▶ _INSTRUCTIONS FOR THE TASK_:
Omit every picture, then give all the entries again exactly.

##### SUPPLIED DATA

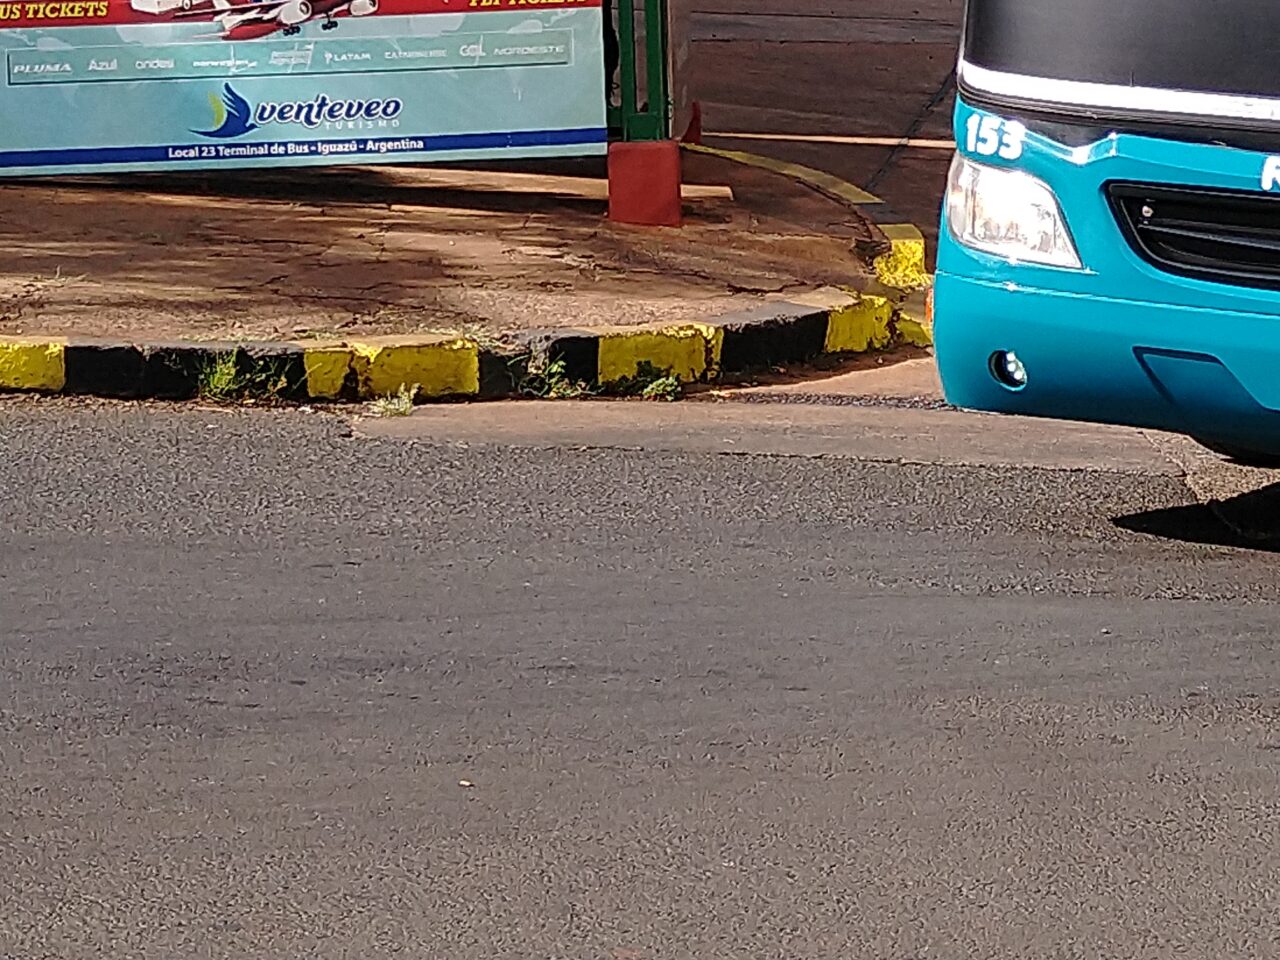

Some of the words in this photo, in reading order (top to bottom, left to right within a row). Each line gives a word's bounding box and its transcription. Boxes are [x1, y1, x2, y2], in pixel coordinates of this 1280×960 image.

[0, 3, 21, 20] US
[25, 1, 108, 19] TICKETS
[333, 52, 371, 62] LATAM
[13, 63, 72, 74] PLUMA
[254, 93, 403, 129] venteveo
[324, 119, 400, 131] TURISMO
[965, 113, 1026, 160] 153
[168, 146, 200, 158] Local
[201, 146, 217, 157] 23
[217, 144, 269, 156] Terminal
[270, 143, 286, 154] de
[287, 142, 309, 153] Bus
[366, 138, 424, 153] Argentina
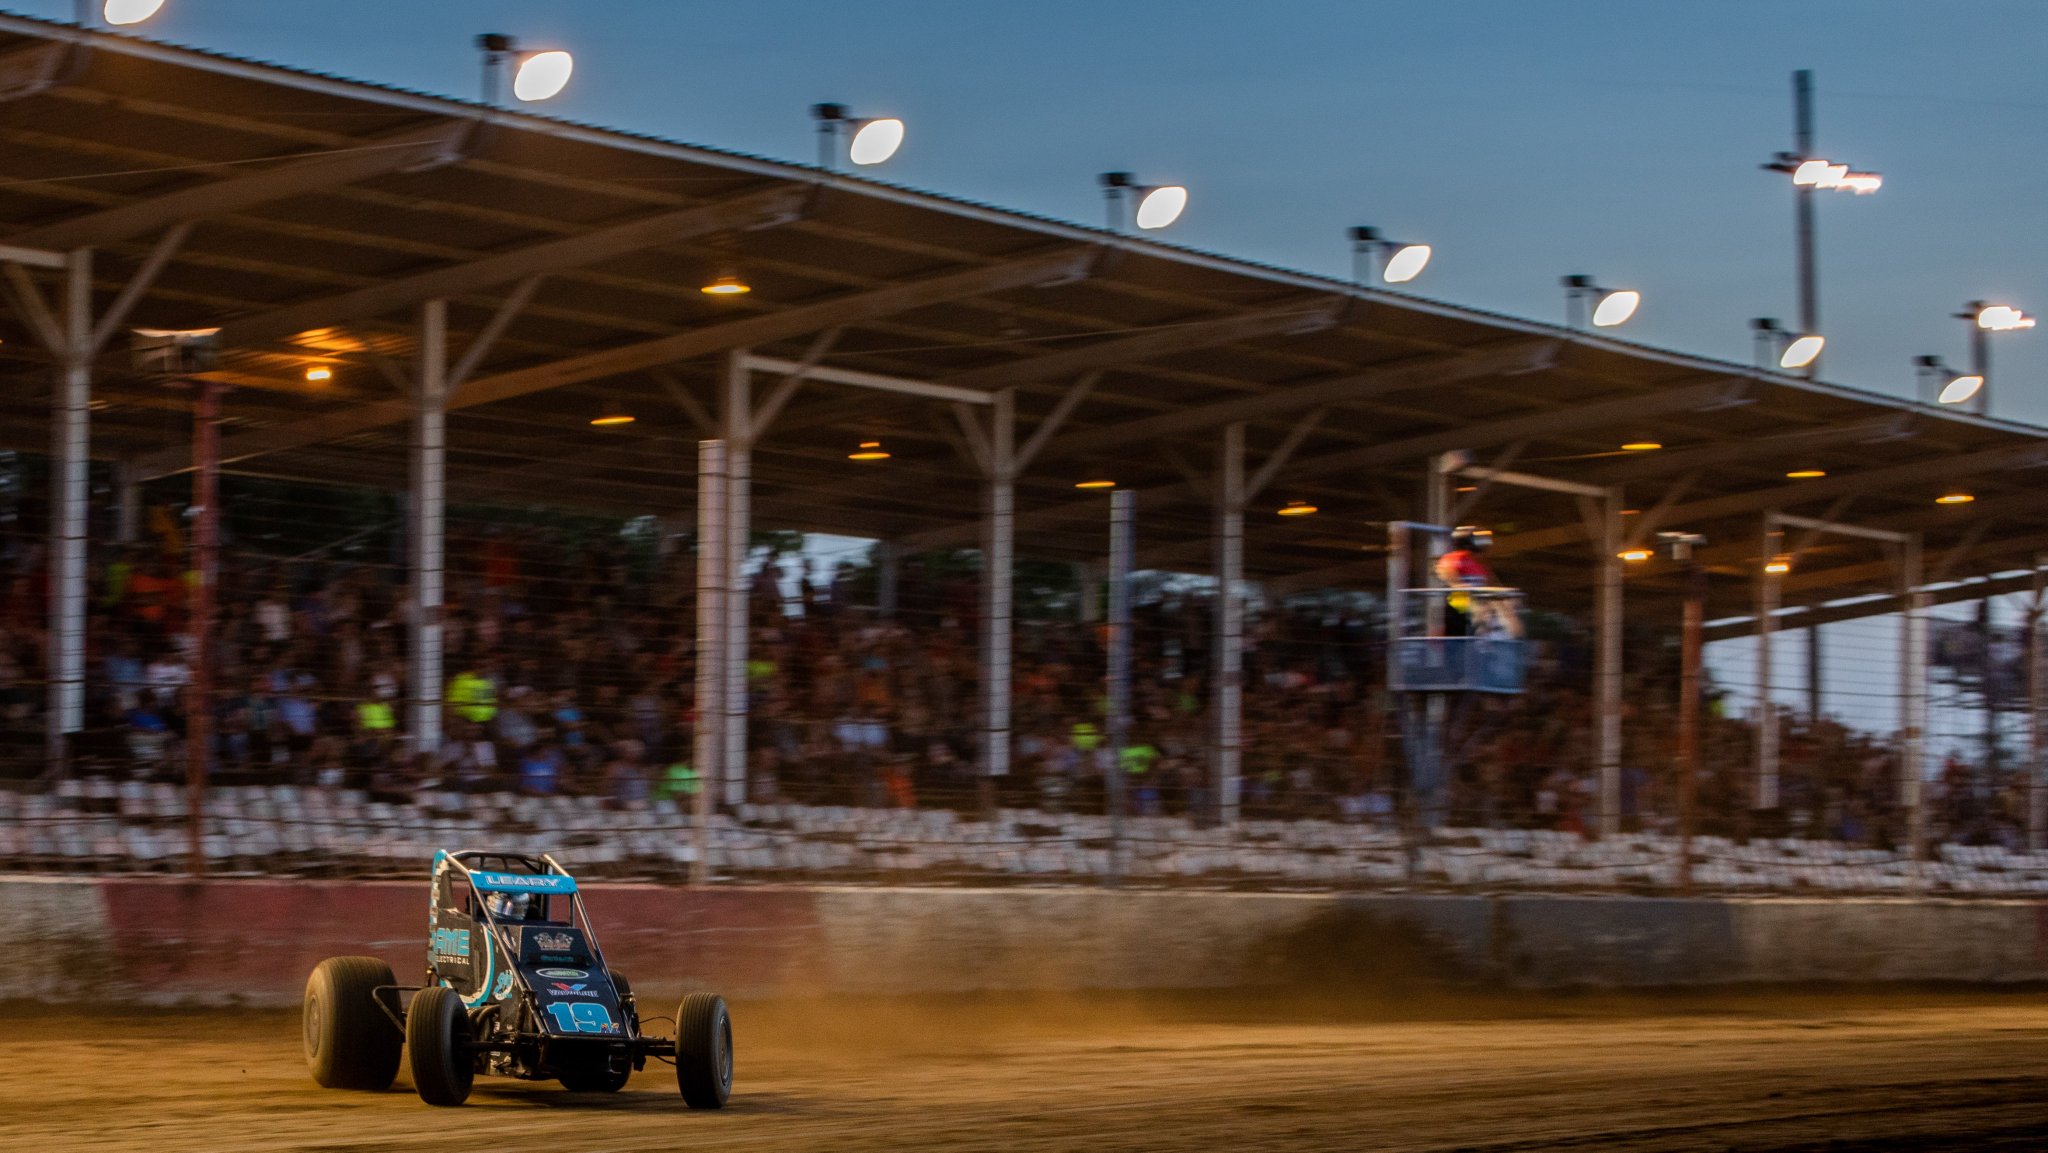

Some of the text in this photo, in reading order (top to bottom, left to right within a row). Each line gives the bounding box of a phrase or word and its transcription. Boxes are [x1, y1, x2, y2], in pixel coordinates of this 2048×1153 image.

##########

▶ _WRITTEN SOLUTION_:
Some of the words in this photo, in reading order (top to bottom, left to right within a row). Each line gives a word's bounding box and its transcription. Boxes are [x1, y1, x2, y2], in pixel coordinates of this 1280×960 image.

[0, 3, 21, 20] US
[25, 1, 108, 19] TICKETS
[333, 52, 371, 62] LATAM
[13, 63, 72, 74] PLUMA
[254, 93, 403, 129] venteveo
[324, 119, 400, 131] TURISMO
[965, 113, 1026, 160] 153
[168, 146, 200, 158] Local
[201, 146, 217, 157] 23
[217, 144, 269, 156] Terminal
[270, 143, 286, 154] de
[287, 142, 309, 153] Bus
[366, 138, 424, 153] Argentina

Some of the text in this photo, in reading order (top to bottom, left to right within a row). Each line gives the bounding box of a phrase or word and its transcription. Boxes are [x1, y1, x2, y2], in pixel coordinates of this 2048×1153 image.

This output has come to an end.